What the task requires: The expected response is an exact repetition of every record, with images excluded.

Data for analysis:
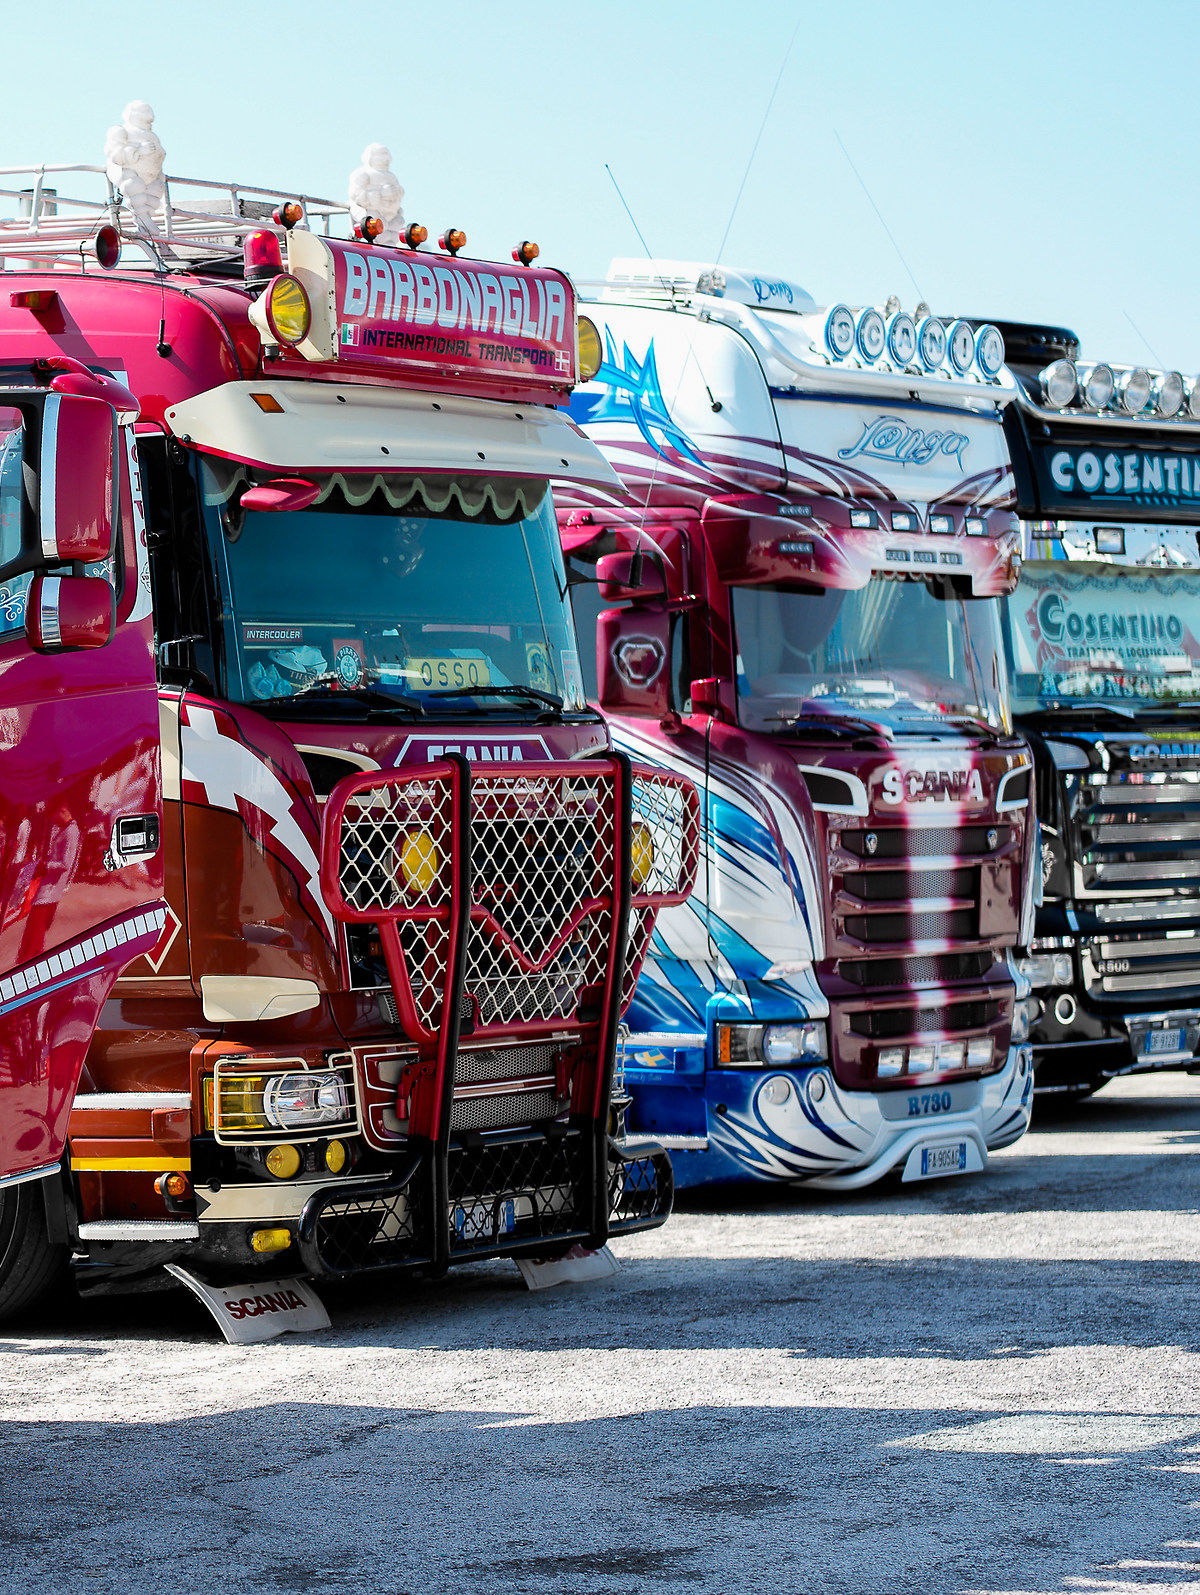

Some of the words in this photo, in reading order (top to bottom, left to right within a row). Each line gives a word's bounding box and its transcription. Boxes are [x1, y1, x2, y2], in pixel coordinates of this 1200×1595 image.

[343, 250, 566, 343] BARBONAGLIA
[362, 329, 472, 359] INTERNATIONAL
[478, 342, 556, 367] TRANSPORT
[1037, 589, 1184, 642] COSENTINO
[246, 629, 302, 640] INTERCOOLER
[421, 661, 479, 687] OSSO
[882, 768, 984, 805] SCANIA
[224, 1289, 308, 1320] SCANIA

Result:
Some of the words in this photo, in reading order (top to bottom, left to right within a row). Each line gives a word's bounding box and its transcription. Boxes are [x1, y1, x2, y2], in pixel coordinates of this 1200×1595 image.

[343, 250, 566, 343] BARBONAGLIA
[362, 329, 472, 359] INTERNATIONAL
[478, 342, 556, 367] TRANSPORT
[1037, 589, 1184, 642] COSENTINO
[246, 629, 302, 640] INTERCOOLER
[421, 661, 479, 687] OSSO
[882, 768, 984, 805] SCANIA
[224, 1289, 308, 1320] SCANIA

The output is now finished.